As the patient transitions to performing active care at home, their daily training time is typically cut in half while increasing the frequency. If they were up to 10 minutes per day, 2 times per week (for a total weekly training load of 20 minutes) and we go to 5 minutes per day, 6-7 times per week (for a total weekly load of 30 to 35 minutes). With this, their weekly training load has nearly doubled while giving them the feeling that they're getting a little break.
***The Halo protocol MUST ALWAYS be performed with bare feet. Not only will bare foot contact with ground increase proprioception but, elevated heels work against the patient by pushing the head further into forward head posture.
Within a typical session, soft tissue work is performed first, the patient is then adjusted, as only joints that are free from subluxation (substitute any word you prefer for "subluxation" if that word upsets you - it's the concept that matters) are able to provide the necessary afferentation to the cerebellum then, the Halo protocol which follows may be employed.
Most patients will begin with standing in place. As comfort level, body awareness, balance, strength and physical fitness increases, the patient can slowly progress up the proprioception continuum. These positions and movements drive increased proprioception to the brain and may be added PROVIDED the patient can maintain PROPER POSTIONING AT ALL TIMES.

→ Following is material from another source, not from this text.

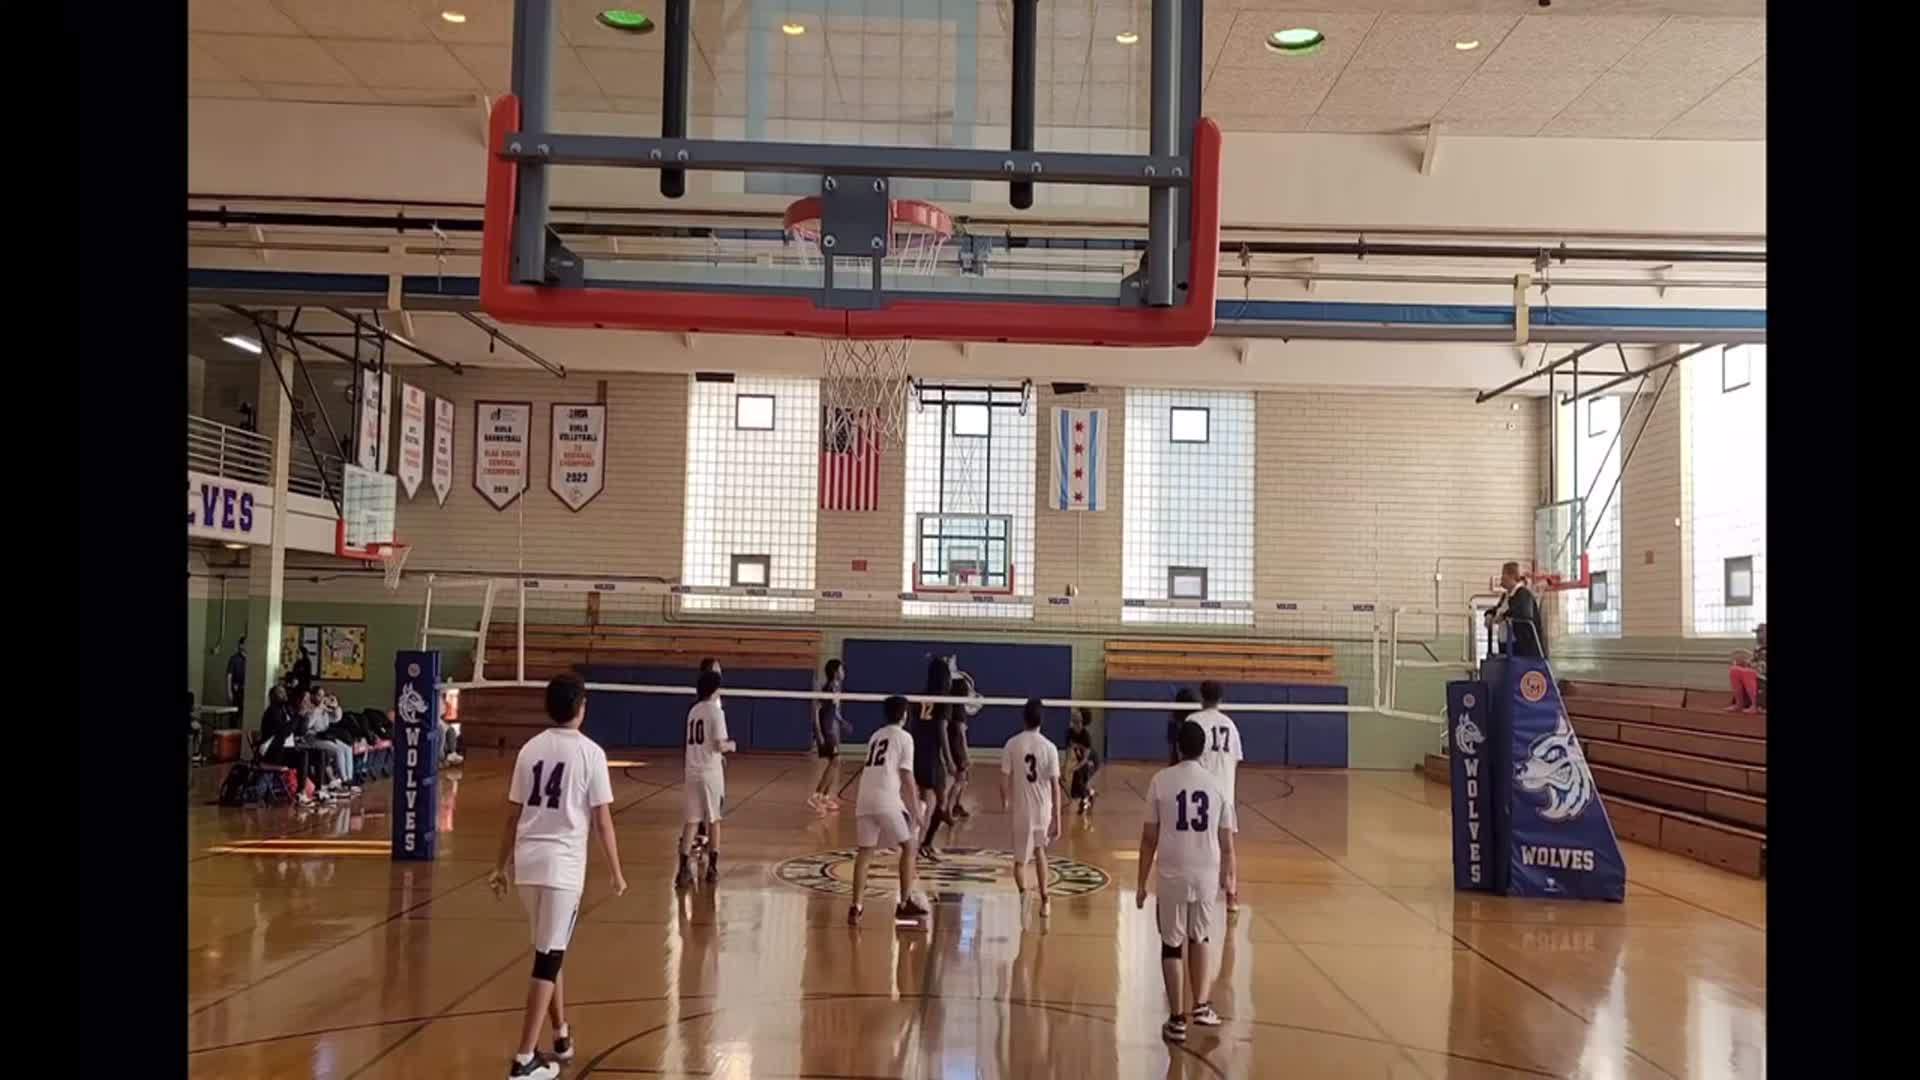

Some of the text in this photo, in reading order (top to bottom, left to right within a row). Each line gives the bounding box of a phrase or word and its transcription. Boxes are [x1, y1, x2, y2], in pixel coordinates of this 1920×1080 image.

The Proprioception Continuum:
- Standing on one foot
- Standing on a wobble board or inflatable balance disc
- Walking backward
It is strongly recommended that in a addition to having the patient fill out and update the standard neck disability index questionnaires, that doctors video record (with the patient's permission , of course) the BEFORE and AFTER postural assessment, range of motion and functional testing with all patients using the Halo system. They will, no doubt, notice that daily tasks become easier for them as their posture improves and they become stronger but, it's very powerful to show them on video just how dysfunctional they were when they started (which they may not remember in great detail).
***If the patient EVER returns for a follow-up office visit complaining of soreness, simply cut the last time they used in half (and/or reduce the training weight by 1 pound). You can always go up again at another appointment.
***The MOST IMPORTANT skill for doctors to develop when starting a patient on the Halo system is OBSERVATION. If the weight forces the patient to buckle, or to try and "escape" out from under it AT ANY TIME DURING THE PROCESS, the weight (and, often times, the training time) will have to be reduced. That patient should also be monitored and cued THE ENTIRE TIME they are performing the protocol until they have built up a decent base level of body awareness and strength in their postural system.
***Having the patient perform the Halo protocol in front of a mirror can be a tremendous aid in developing body awareness and can save the doctor a significant amount time which would otherwise be spent monitoring the patient.
***REMEMBER the key to the Halo system is CONSISTENCY OVER TIME. We are working against the unrelenting force of gravity and it’s affect on the human frame. Each minute spent using the Halo system is building up the body’s resistance mechanisms and moving the patient towards optimal function.